In a different vein, the court deducted 98.75 hours of time spent on the DPU proceedings because petitioner's contemporaneous time record did not adequately disclose the nature of the work performed. According to the court, it needed more information in order to differentiate hourly rates, depending on the work performed, since "not all time is worth the same." This court has stated that in proper circumstances different rates should be assigned for different kinds of work, even when the same attorney is involved. Miles v. Sampson, 675 F.2d at 9. But this court has also pointed out that different rates are not always required, Maceira v. Pagan, 698 F.2d 38, 41 (1st Cir. 1983), and Miles itself recognized the danger that this approach can lead to "overly refined" distinctions. 675 F.2d at 9.
We think the distinctions made here fell into that category. There is a point beyond which it is neither possible nor profitable to assess the quality of a counsel's time. See In re Casco, 25 Bankr. at 756 n.22 (noting that the "grading in of a 'quality' factor in determining an hourly rate on a task by task bases can  degenerate into a highly subjective process"). The very example mentioned by the court here -- between time spent reporting on events to co-counsel and time spent actually discussing a plan of action -- exposes the difficulty as well as the time-consuming nature of such a comparative analysis.
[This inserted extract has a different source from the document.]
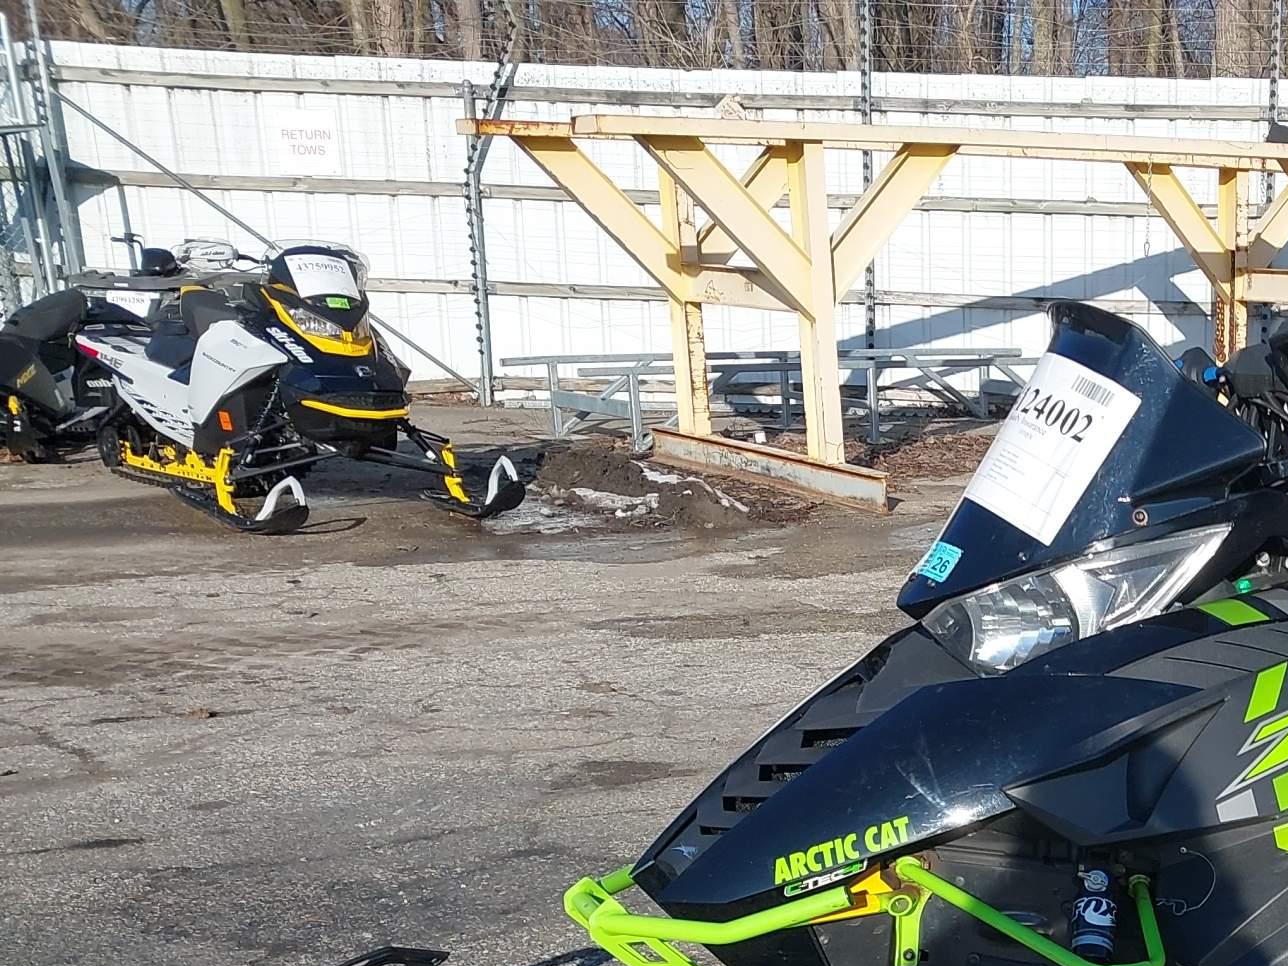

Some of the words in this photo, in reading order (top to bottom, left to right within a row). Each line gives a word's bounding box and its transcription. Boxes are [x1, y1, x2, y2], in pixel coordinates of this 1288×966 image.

It is instructive that even where the court had the necessary detailed information, it did not perform such a rate-differentiation analysis. Because we believe that the kind of analysis envisioned by the court would have been counter-productive in these circumstances, and because the hours at issue were sufficiently explained, we believe the 98.75 hours should have been allowed.
One final illustration of what we perceive to have been overzealous reductions was the court's reduction of the average hourly rate in some cases, not because it found that any specific rate of a particular attorney was unreasonable but, because it judged that more of the work -- left unidentified for the most part -- could have been done by associates rather than partners.8 Associates, however, are not invariably more cost-effective than partners. In some circumstances, and assuming of course that the partner is not performing merely routine work,9 the use of a more experienced attorney may save time because of his ability to size-up and do only what needs to be done most effectively. Cf. Copeland v. Marshall, 205 U.S. App. D.C. 390, 641 F.2d 880, 903 & n.50 (D.C. Cir. 1980) (en banc) (affirming reduced hours on grounds of inefficiency, noted that the use of more partners would have made attorney efforts more efficient).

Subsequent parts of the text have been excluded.